Они, естественно, ждали, что новый сосед нанесёт визит первым. Мать и дочь были на редкость схожи как комплекцией, так и кокетливостью. Возрастные различия оказались не столь значительны. А неосведомлённым и вовсе могло показаться, что они две подруги. Так бывает, когда мать и дочь коротают долгие годы вместе, без мужской компании, они становятся как близнецы. Даже грань родственных различий постепенно сглаживается. И когда рядом вдруг появляется «принц», они практически становятся равноправными соперницами. А здесь, на этом хуторе, чего ещё ждать? И когда скульптор по некой житейской надобности направил свои стопы в соседнее подворье, в стане «амазонок» произошло некое смятение. Женщины забегали, засуетились и даже чуть было от суеты не столкнулись друг с другом, отчего халатики, в которых они как бы привычно для себя обитали на своём подворье, не то от лёгкого ветерка, не то от неловких движений, но всё же подозревается – от мужского взгляда, вдруг широко распахнулись. Скульптор от неожиданности стал как вкопанный. Женщина-мать, видя, какой конфуз с обеих сторон произошёл, решила применить, что называется, наступательную тактику, авось сработает.

Импозантно отставив в сторону правую ножку, слегка прикрыв левой полой халатика центр симметрии своей фигуры, она выпалила:

– Ну чё, сосед, испугался? Выбирай!

Скульптор, обладая в характере немалой долей юмора, быстро оправившись от такого расклада, протянув театрально руки вперёд и воскликнул:

– О камышанские Афродиты!

И вдруг женщина-мать, заметив, что сосед вперил свой взор на фигуру её дочери, резко запахнув халат и мгновенно побагровев в лице, сорвавшимся голосом гаркнула:

– Вон со двора! И чтоб духу твоего больше здесь не было!

Женщина-дочь схватила мать за руку:

– Ты чего несёшь, мать?!

– А на что он намекает? Будто мы потаскушки какие!

– Мама, как не стыдно! Афродита – это же греческая богиня красоты! Что ты наделала! – И дочь скрылась в доме.

А скульптор, не ожидавший такого невежества, махнул рукой и отправился к себе.
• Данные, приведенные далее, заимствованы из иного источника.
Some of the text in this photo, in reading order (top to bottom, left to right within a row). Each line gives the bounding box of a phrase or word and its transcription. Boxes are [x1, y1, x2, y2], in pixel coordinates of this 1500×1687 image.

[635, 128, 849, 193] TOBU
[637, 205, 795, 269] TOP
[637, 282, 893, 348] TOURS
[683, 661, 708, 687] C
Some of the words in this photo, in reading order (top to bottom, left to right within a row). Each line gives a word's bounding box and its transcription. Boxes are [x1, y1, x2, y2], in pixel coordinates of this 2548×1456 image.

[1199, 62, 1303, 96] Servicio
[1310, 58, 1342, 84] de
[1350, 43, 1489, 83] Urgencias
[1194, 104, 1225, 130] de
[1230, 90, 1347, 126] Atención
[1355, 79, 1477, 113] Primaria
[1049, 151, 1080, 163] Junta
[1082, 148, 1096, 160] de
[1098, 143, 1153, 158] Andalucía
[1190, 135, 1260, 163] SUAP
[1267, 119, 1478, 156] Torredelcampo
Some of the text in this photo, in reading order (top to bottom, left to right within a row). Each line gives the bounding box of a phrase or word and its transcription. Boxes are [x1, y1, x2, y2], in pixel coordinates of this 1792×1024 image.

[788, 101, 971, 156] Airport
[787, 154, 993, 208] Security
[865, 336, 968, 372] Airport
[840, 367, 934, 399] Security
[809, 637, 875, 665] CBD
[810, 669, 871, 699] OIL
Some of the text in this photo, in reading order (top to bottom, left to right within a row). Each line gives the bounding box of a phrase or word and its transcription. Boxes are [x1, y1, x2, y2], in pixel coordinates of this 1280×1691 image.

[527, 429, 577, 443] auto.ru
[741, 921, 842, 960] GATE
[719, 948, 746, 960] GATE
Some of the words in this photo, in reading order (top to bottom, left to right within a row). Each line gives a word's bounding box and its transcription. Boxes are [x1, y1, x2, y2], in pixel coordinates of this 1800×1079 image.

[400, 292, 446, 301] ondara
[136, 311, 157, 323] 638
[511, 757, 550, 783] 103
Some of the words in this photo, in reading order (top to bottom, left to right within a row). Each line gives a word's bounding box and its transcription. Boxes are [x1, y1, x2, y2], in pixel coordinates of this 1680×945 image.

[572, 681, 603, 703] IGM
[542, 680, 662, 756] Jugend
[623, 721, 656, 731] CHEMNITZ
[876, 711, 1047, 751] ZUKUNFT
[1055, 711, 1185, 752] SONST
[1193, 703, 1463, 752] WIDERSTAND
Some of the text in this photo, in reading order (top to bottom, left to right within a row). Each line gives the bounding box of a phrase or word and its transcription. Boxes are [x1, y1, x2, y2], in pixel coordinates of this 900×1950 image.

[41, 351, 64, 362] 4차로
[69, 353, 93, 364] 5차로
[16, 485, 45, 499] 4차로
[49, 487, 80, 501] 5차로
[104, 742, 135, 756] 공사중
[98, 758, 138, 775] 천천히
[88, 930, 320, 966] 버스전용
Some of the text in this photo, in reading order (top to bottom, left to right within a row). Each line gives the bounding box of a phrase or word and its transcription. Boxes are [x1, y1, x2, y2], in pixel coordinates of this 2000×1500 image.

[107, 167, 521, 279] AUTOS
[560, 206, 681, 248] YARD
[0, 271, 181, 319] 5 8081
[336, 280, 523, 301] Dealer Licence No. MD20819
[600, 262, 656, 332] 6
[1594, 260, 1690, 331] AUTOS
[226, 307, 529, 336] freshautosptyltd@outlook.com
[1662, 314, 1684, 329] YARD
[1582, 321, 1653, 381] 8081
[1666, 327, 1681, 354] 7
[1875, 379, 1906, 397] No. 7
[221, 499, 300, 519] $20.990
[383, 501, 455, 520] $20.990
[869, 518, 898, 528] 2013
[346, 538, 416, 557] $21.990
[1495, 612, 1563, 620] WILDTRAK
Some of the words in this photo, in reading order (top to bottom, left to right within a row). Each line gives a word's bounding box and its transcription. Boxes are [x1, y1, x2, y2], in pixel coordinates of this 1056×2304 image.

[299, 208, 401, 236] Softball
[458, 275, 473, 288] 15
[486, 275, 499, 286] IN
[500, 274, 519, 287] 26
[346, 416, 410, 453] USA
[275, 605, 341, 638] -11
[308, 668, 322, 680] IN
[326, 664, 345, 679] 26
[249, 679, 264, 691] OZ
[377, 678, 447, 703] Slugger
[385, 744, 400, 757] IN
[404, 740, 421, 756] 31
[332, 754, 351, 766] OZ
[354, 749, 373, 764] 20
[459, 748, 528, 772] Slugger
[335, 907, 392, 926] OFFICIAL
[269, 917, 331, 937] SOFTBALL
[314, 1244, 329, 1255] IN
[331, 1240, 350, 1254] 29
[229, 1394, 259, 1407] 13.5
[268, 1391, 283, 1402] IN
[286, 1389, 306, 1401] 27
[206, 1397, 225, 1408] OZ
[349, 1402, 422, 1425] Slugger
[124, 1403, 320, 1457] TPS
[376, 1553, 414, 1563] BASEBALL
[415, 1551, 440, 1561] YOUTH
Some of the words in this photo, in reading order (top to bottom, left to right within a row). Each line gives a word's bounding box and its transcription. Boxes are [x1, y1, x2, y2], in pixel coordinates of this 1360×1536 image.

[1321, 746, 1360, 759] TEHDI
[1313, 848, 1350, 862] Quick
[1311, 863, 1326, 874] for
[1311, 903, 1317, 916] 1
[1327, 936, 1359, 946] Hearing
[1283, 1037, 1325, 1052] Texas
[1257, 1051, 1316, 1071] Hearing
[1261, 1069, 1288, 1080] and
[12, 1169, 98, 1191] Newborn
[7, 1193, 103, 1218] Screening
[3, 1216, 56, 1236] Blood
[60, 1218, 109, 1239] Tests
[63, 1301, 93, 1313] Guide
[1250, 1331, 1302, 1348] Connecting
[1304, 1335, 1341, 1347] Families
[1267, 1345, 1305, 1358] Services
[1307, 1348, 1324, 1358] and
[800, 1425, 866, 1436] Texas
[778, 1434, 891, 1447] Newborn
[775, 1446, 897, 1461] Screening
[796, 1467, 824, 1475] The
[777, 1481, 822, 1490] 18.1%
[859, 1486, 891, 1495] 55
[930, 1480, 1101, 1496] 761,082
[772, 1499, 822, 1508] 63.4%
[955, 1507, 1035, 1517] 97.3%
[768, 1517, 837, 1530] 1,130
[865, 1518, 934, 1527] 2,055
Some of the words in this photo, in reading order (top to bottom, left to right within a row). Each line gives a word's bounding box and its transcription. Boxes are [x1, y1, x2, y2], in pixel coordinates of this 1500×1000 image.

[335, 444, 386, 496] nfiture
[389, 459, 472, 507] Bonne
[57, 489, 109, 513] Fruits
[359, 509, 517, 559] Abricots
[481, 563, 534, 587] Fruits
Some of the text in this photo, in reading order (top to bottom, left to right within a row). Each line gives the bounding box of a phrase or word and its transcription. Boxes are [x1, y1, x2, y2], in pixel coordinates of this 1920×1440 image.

Он мгновенно сделал вывод, что тут ему действительно делать нечего. И, теребя Сармата за уши, он вдруг громко расхохотался, отчего пёс засуетился, захватив в пасть привычным движением свой любимый снаряд.

Сейчас, направившись к заветной калитке, скульптор вдруг остановился. Настроение было подпорчено. Но даже не это его озадачивало, а то, что всё это в жизни уже было и представляло обыкновенный банальный сюжет. Ведь между ним и Лидкой пропасть в целую жизнь и не меньшая пропасть в уровне интеллектуальных потребностей. Как художник, обладая определенной степенью образного, поэтического мышления, он понимал, что их интересы в лучшем случае пересекутся только на уровне обыкновенных жизнеутоляющих инстинктов. А что дальше? Он посмотрел на звёзды, молодой месяц уже скрылся из виду. Букет так и не соорудил.

Посмотрев на туфли, Дёмин махнул рукой:

– А, будь что будет!

Можно изменять тактику, но мужскую стратегию – никогда, потому что она олицетворяет самое главное – первичное мужское достоинство. Спасовал, значит, слабак, и всё т у т.

Скульптор тихонько постучал в окошко – тишина. Постучал громче. Тишину сначала нарушило дребезжание цепи из собачьей будки и окончательно разрушил заливистый лай. Тут дверь скрипнула, и белое «привидение» увлекло скульптора в приоткрывшуюся чёрную прорубь низкой сенечной двери, высоту которой гость уже успел зафиксировать своим темечком. Однако все заскорузлости жизни сразу же сгладились, когда лицо приятно овеял неподдельно знакомый с детства уют домашнего очага с его незамысловатым, но самодостаточным бытом, с бесконечно приятными запахами снеди на скрипучем столике, любовно накрытом белой, вышитой по углам скатёркой.